Tuesday, November 23, 2010

The Ugly Princess and the Wise Fool by Margaret Gray

The Ugly Princess and the Wise Fool, by Margaret Gray
Release Date: October 1, 2002
Publisher: Henry Holt and co.
Pages: 176
Received: Library book
Rating: 5 out of 5 stars
Amazon Page
Everyone knows that the third and youngest princess is the most beautiful, so you can imagine the surprise of the kingdom of Couscous when the third princess Rose turns out, well, rather ugly. Rose and the kingdom adjust to this anomaly, but when a strikingly handsome prince comes looking for a beautiful princess to fall in love with, Rose begs her fairy godmother for beauty. Her distracted godmother complies and the wish goes predictably awry. Apparently, you can't just wish wishes away (the fairy godmother council frowns upon such things), but there are quests and such to help undo unwanted wishes. Helping her along the way is a charming and funny wise man in disguise (the king outlawed wise men, they made him nervous). 


I adore this author! I hope she writes more, and SOON! The Ugly Princess and the Wise Fool is an absolutely hilarious fractured fairy tale. Margaret Gray pokes fun at all kinds of fairy tale stereotypes and common occurrences in a way that is just laugh out loud funny. What I also really appreciated is that, while she is poking fun at fairy tale conventions, she isn't doing it with malice. Instead, all of her fun is good-natured ribbing.
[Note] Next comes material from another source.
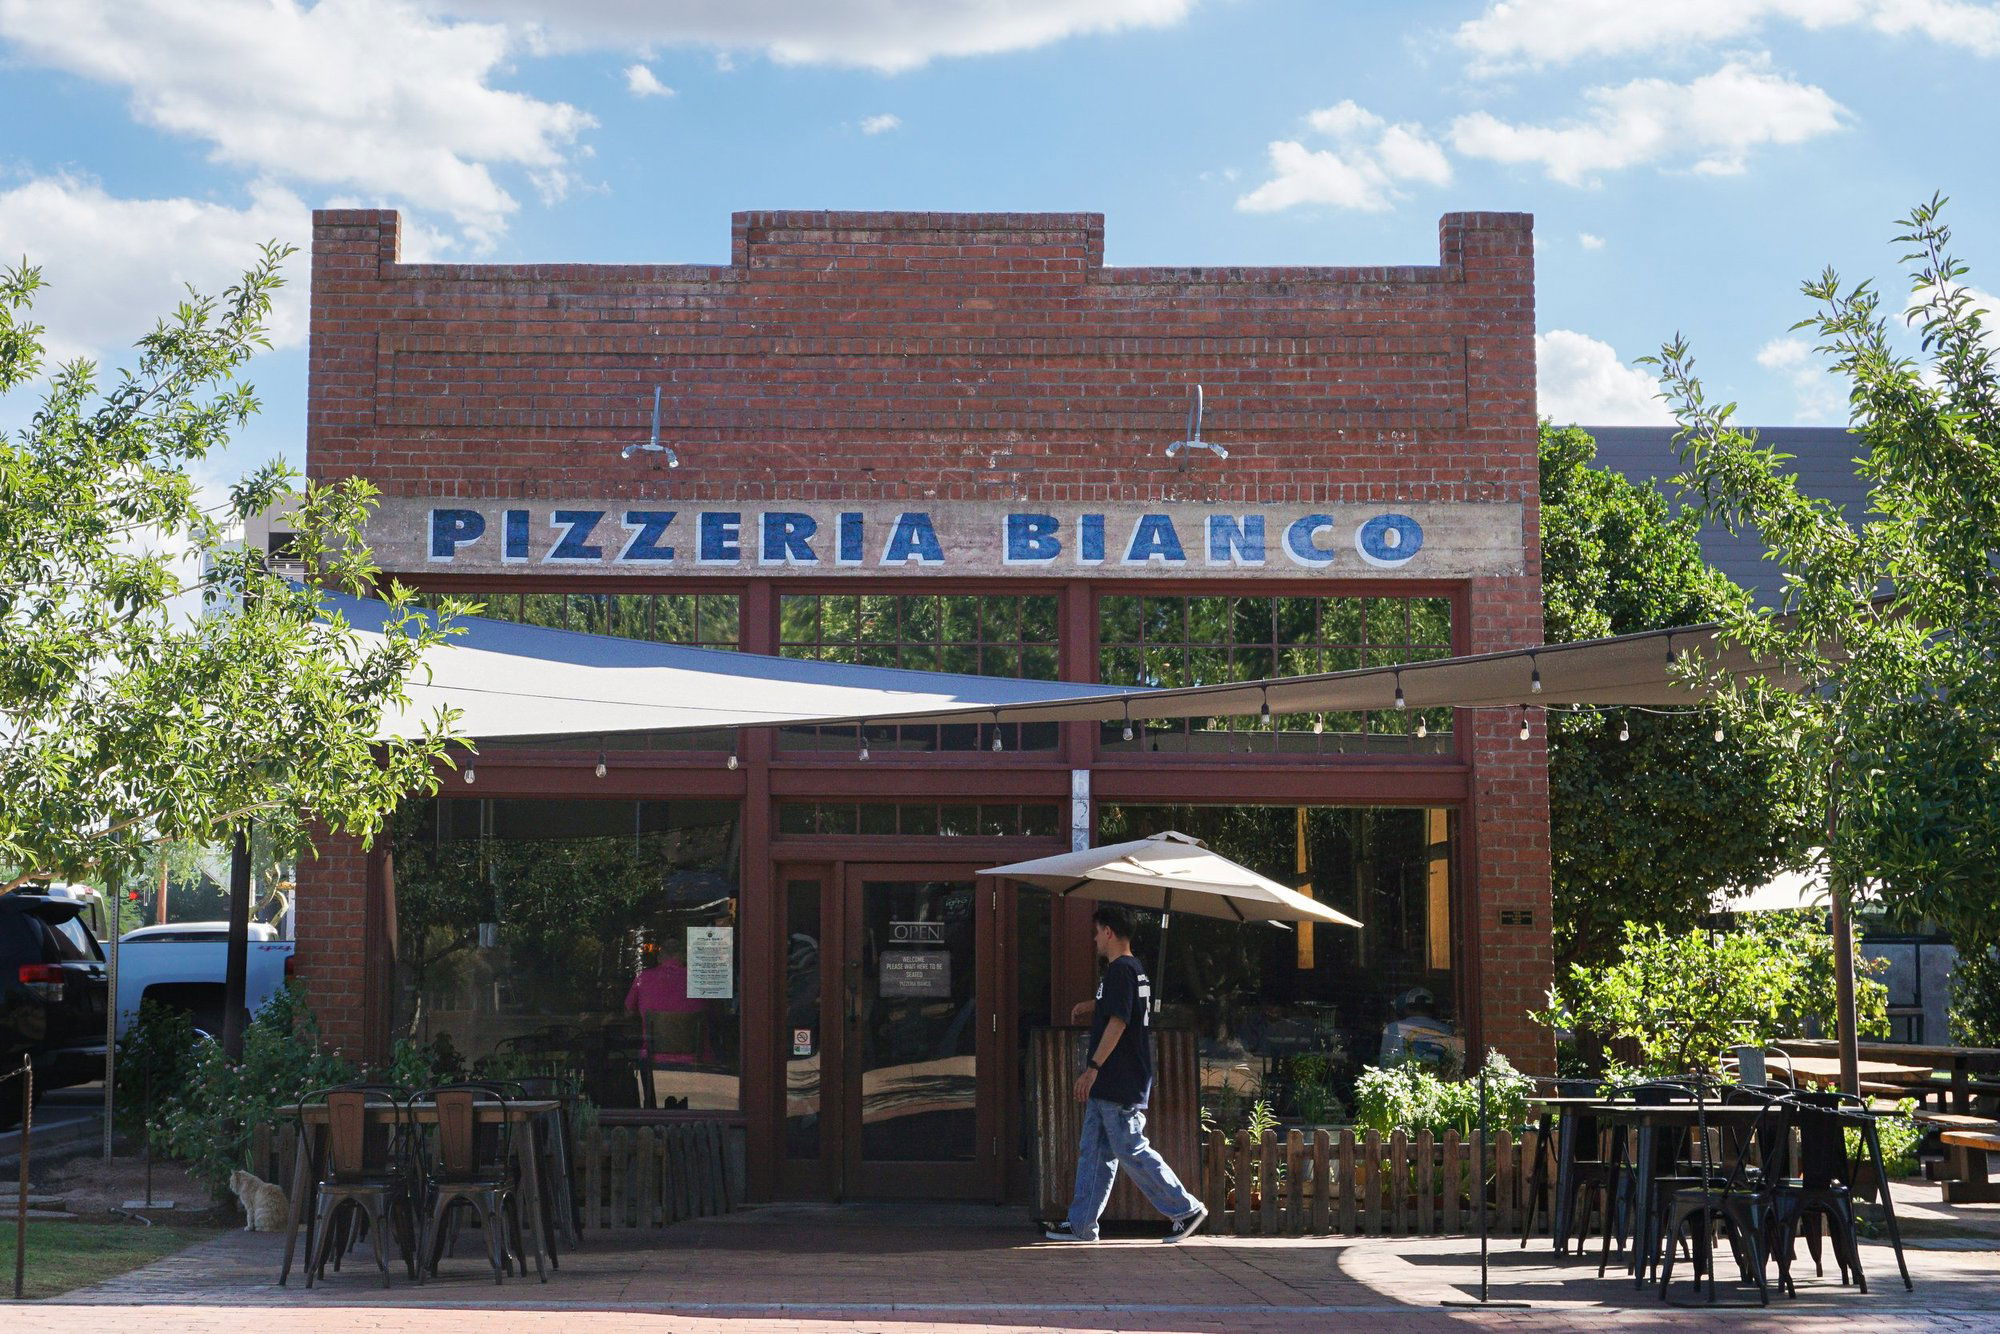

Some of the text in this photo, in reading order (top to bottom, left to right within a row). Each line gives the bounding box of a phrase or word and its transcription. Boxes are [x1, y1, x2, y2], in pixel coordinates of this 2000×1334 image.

[427, 509, 1424, 568] PIZZERIA BIANCO
[894, 925, 940, 940] OPEN
[902, 955, 925, 963] WELCOME
The lessons she includes are sweet and unobtrusive. They're good, easy to digest, and don't beat you over the head with morality. I find that stories for tweens are sometimes a little too obvious and pedantic for adults to really enjoy. This isn't the case at all here. There also isn't just one moral in this story. There are several, and each is deftly handled so the point hits home but doesn't feel at all tiresome. I'm far outside the target age group, but I still loved the story and found value in the messages.

There is a laugh to be had on almost every page (actually, I think this is probably one of the funniest books I've read), but the story's moral makes this more than just a funny book. While perfectly suitable for tweens, young adults and adults can find much to like here. I highly, highly recommend this book to all ages.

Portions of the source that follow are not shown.